Briefly, NexusLIMS recreates those features of 4CeeD identified as most important for the Nexus Facility (Lau et al., 2019): a web-accessible interface to research data, the previewing of proprietary data formats, the extraction of metadata from those formats, and providing a search interface to find previously acquired data. NexusLIMS differs from 4CeeD, however, in a few key ways. First, the system is designed to require little to no user interaction beyond making reservations on a tool scheduling system, and saving their data in a particular network-accessible folder (two behaviors already in practice at the facility).
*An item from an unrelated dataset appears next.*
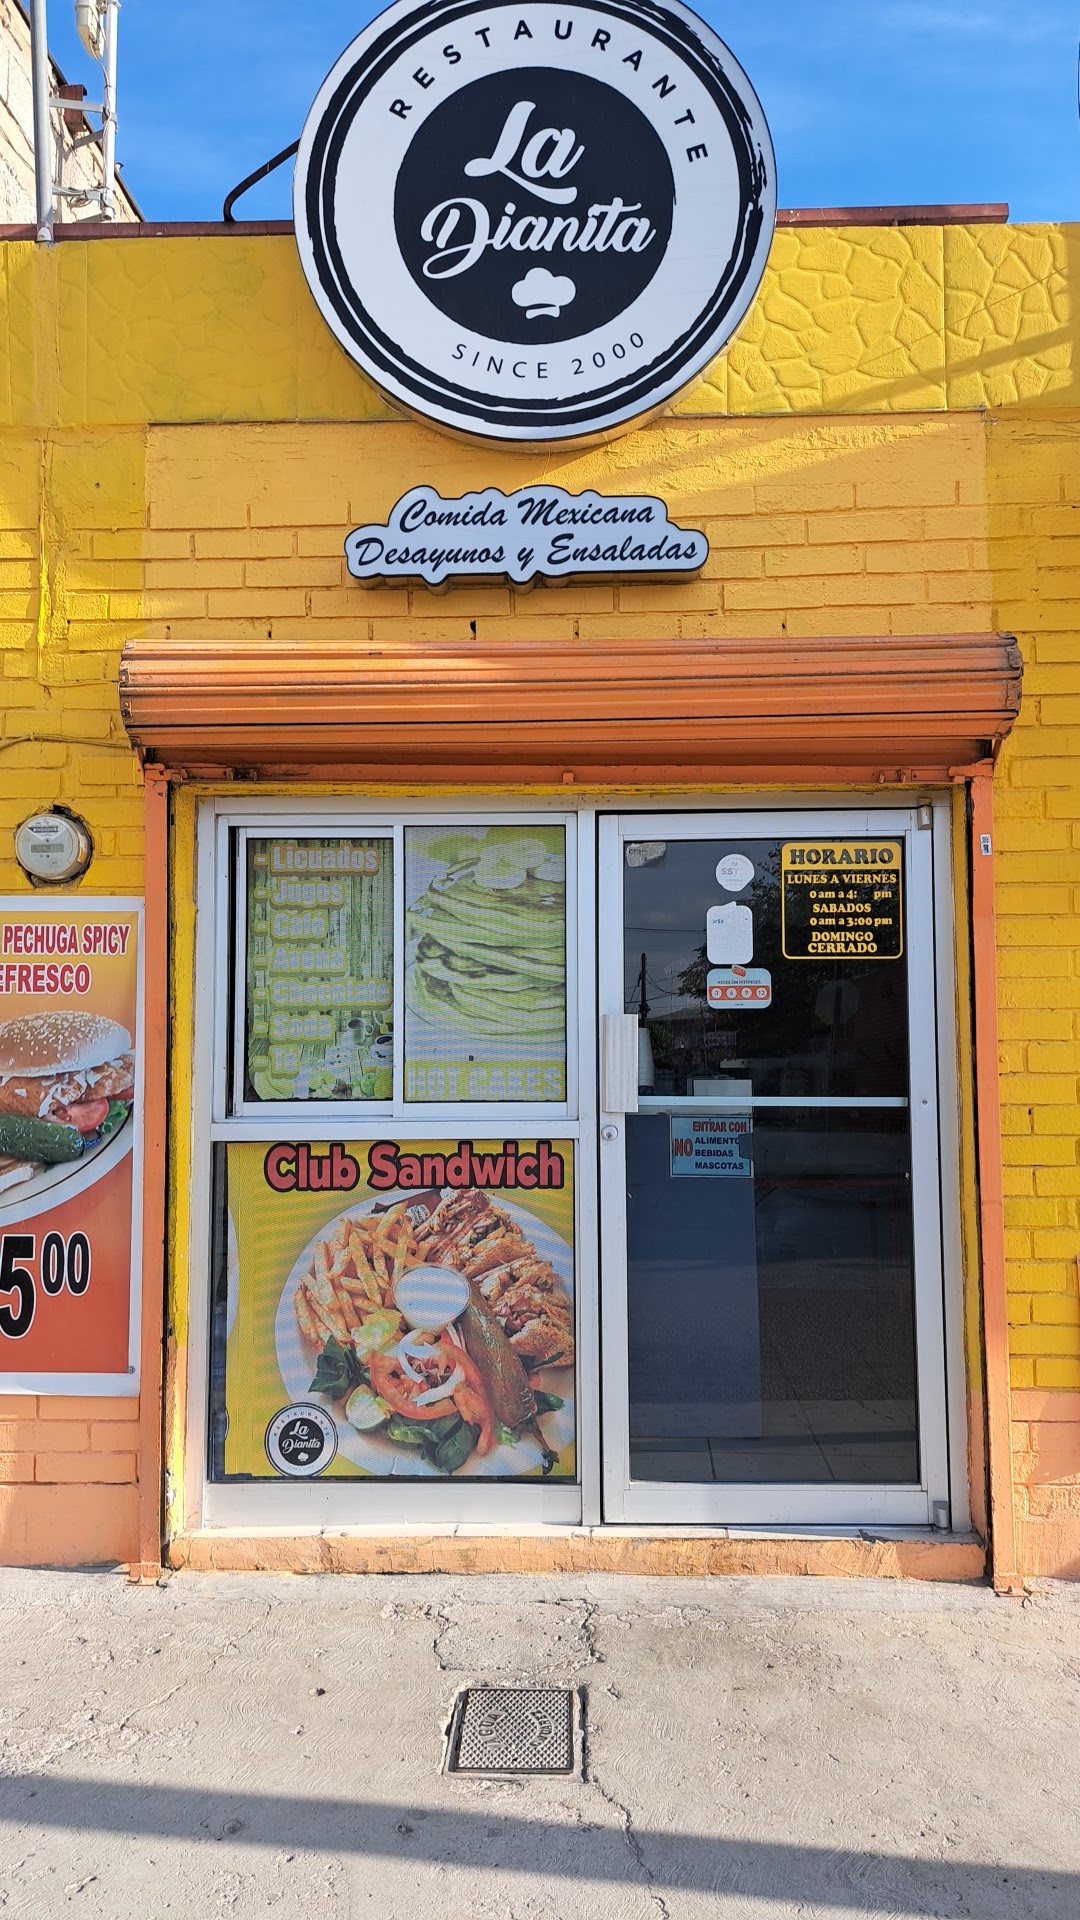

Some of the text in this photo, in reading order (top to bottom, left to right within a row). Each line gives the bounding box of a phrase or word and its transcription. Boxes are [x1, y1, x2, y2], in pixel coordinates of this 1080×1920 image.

There is no need for a manual upload of data to the NexusLIMS system, as there is with 4CeeD. Next, the underlying schema for datasets in NexusLIMS is more closely aligned with experimental behaviors compared to the nested collections utilized by 4CeeD (see Section 3.4 for further discussion of the data model). Finally, NexusLIMS does not currently integrate analysis capabilities as tightly as 4CeeD (such as through the py4Ceed library (Coordinated Science Laboratory, UIUC, 2020)), although this is envisioned as a future development direction.§
Another point of differentiation is in the distribution and design of the software system. Rather than a monolithic software stack, NexusLIMS is a highly modular collection of infrastructure decisions and software tools with an inherently flexible design, meaning the various software services and design features can be easily swapped (or omitted) to meet an institution’s or research group’s individual needs. In fact, the entire frontend system described in this work (Section 4) could be replaced by a similar repository software, if so desired (although the approach presented here confers a number of useful benefits). Likewise, the record building backend can be fully customized for different data formats, or specialized processing as needed during metadata extraction. As every institution’s needs will be different, NexusLIMS can be best considered as a platform (or framework) for LIMS implementation. As such, it is unlikely to be a “turnkey” solution for every research facility, but instead acts as a model reference implementation for a customizable LIMS.
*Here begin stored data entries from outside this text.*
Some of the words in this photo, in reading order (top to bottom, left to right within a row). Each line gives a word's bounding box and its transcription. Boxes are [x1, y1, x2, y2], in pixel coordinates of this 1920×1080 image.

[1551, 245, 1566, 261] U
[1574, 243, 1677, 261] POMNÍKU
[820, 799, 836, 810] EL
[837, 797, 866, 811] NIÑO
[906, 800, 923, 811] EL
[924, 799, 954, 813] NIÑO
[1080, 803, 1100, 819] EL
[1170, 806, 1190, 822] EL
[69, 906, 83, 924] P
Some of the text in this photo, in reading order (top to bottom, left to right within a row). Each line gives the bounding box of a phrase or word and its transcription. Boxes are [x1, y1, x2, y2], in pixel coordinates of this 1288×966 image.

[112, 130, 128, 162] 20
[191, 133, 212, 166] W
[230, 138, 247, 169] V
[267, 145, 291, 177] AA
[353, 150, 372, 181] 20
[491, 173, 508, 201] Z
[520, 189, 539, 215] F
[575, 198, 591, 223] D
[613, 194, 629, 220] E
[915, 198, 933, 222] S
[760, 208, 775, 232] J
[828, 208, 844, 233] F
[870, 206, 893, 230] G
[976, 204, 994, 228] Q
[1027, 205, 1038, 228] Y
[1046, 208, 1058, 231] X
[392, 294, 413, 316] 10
3. Components of the NexusLIMS backend
As described above, the NexusLIMS backend makes use of multiple components, each of which is readily exchangeable with a replacement, if desired. The configuration described in this work represents the implementation at the time of publication, although since NexusLIMS is an evolving project, the specifics may change in the future (see Taillon et al., 2020 for the latest implementation). The approaches described in this section may not be directly relevant to all institutions, but the considerations discussed are broadly applicable and should assist in attempts to create a similar system beyond the borders of NIST.
The experimental metadata harvesting, dataset metadata extraction, and experimental record building process is controlled by the NexusLIMS backend, as shown in Figure 1. Here, microscopy data is generated by users at the top of the figure. This data could be 1-dimensional spectra from x-ray, electron energy-loss, and cathodoluminescence, images of two or more dimensions (where the previous list of 1-dimensional signals may be used to compose higher-dimension signals). Higher-dimensional signals are also found in grain maps of electron back-scatter diffraction (EBSD) and 4D-STEM data sets. Data can be held in open formats common for scanning electron microscope images (typically stored as Tagged Image File Format – TIFF – images), or the various proprietary formats typical of transmission electron microscopy and higher-dimensional data. This data, together with information about individual experiments is stored in a centralized network-accessible file server and database. Once the experiment has finished, the NexusLIMS server queries the session database, the instrument reservation system, and the individual files (saved by the instruments) to build a metadata record of the experiment in the eXtensible Markup Language (XML) format, which is uploaded to the user-facing frontend (not shown in Figure 1). A number of components work together to enable this functionality, as detailed in the following sections.
Figure 1:

Schematic representation of the NexusLIMS backend architecture. Sources of information are highlighted in green, and information flows are indicated by the arrows. The underlying network infrastructure is represented by the dashed boxes, with the highly-restricted REN outlined in red, and the more widely-available NIST general network in green. Firewall rules allow access to CFS and session database (colocated with the CFS) from the REN (indicated by the yellow background). The server represented in the bottom center of the diagram orchestrates the collection of information from all the data sources, and assembles an experimental metadata record (in XML format) that conforms to the NexusLIMS Experimental Schema (see Section 3.4) (Plante et al., 2020). The ELN data source is faded to represent it has not yet been implemented, but is expected to be an important data source in the future. An important feature of the records generated by NexusLIMS is that the raw data is not included in the record itself. Rather, it is linked by storing the location of the data on the CFS instead.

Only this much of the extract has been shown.